Seaswarm is pretty similar to Ocean Therapy Solutions' device which filters crude oil from sea water, because it is designed to specifically siphon crude oil from sea water at a spill site. Ocean Therapy Solutions' largest device could siphon up to 200 gallons a minute, but Seaswarm claim that as a collective group, their machines can work together to clean even larger areas of ocean.

The machines are around five metres long and two metres wide, and resemble something similar in appearance to a treadmill. Costing $20,000, each machine requires no human intervention and can work independently, and according to Seaswarm can locate a spill and transmit its location to other machines using WiFi and GPS. Collectively the machines will work through polluted ocean, and collect all the oil.

The machines are able to do this by soaking up oil with the tread as it skims over the surface, which uses nanotechnology which attracts oil and repels water.

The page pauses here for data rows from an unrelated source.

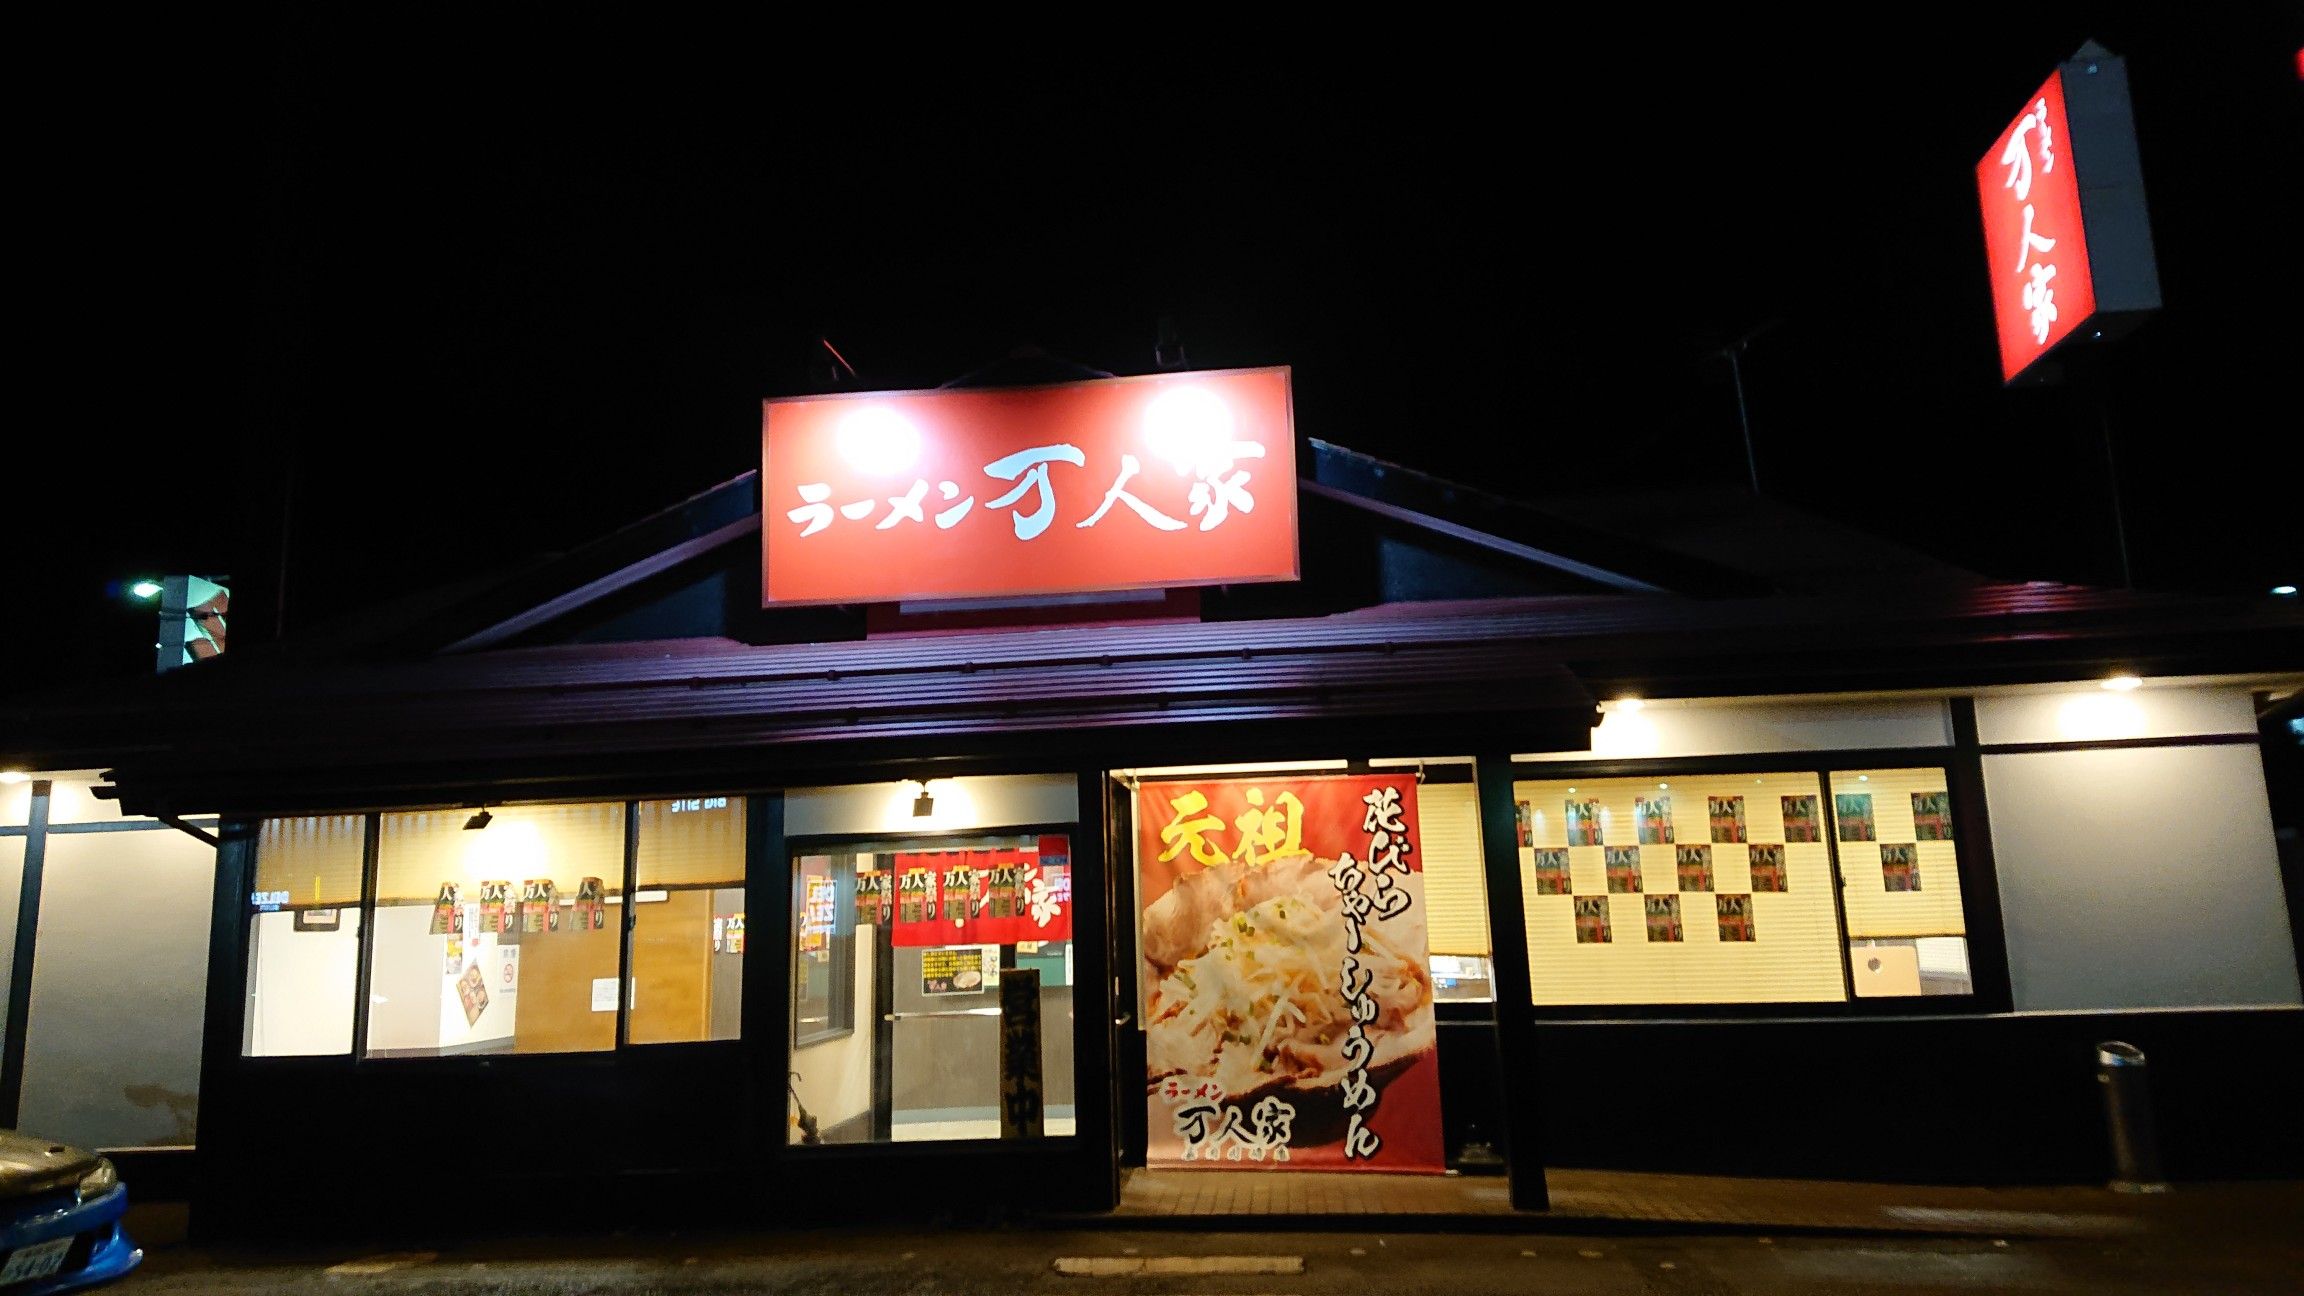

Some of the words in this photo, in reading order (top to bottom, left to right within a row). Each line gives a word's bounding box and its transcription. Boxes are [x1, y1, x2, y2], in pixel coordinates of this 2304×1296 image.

[2001, 113, 2058, 345] 万人家
[787, 479, 975, 537] ラーメン
[983, 440, 1266, 541] 万人家
[1157, 788, 1313, 868] 元祖
[1362, 786, 1413, 921] 花びら
[1164, 1081, 1223, 1101] ラーメン
[1178, 1103, 1291, 1145] 万人家

Once the tread has collected its fill - around 20 times its own weight in oil - it will deposit the oil collected in the ocean in a bag which can be collected and reused.

The robots are friendly to the environment too; they only require 100 watts of power, the equivalent of a bright light bulb. They also work autonomously and don't need to return to the shore for constant maintenance.

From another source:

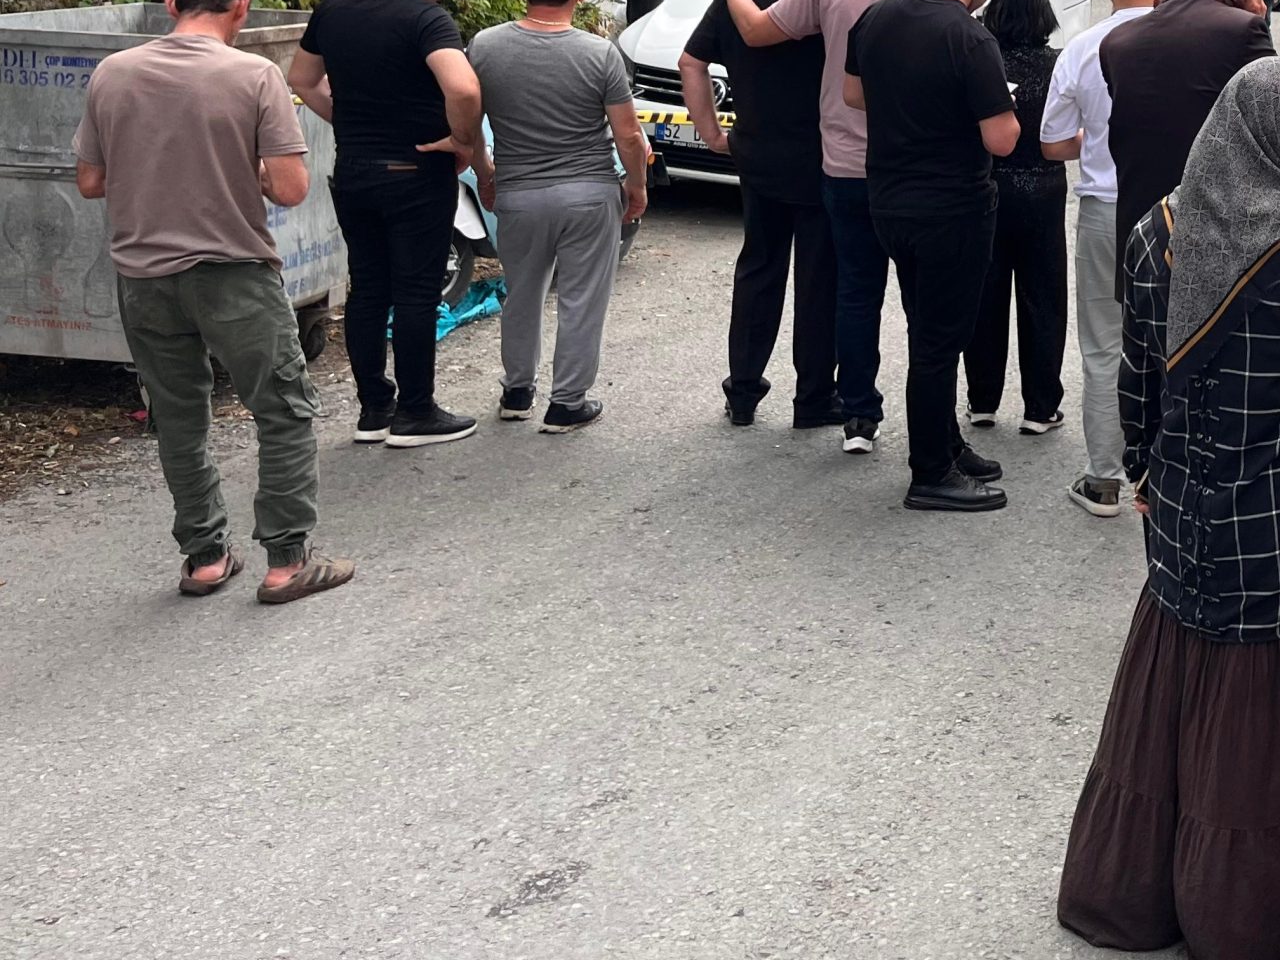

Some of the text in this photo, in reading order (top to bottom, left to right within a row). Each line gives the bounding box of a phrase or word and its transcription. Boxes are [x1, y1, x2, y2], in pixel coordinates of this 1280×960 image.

[19, 70, 48, 87] 305
[54, 72, 75, 88] 02
[665, 124, 681, 139] 52

Assaf Biderman, who supervised this project at MIT says, "Because it (conveyor belt) adheres to the surface of the water, it cannot capsize. So it can withstand quite severe weather. Imagine this like a leaf that lands on the surface of the water and moves with the waves and the currents and cannot be flipped over."

The team at MIT have calculated that if the Seaswarm robots were deployed during the current Gulf of Mexico oil spill, the costs of collecting the surface oil would have been significantly reduced. Biderman claimed that 10,000 Seaswarm robots could have cleaned up the oil in two months and the cost of the whole operation would have amounted to $100 million to $200 million.

"Ideally, when spillage happens, the best thing to do is to contain it right where the spillage occurs. But quite often the oil goes out of containment, and this is where this technology would be most effective," he said.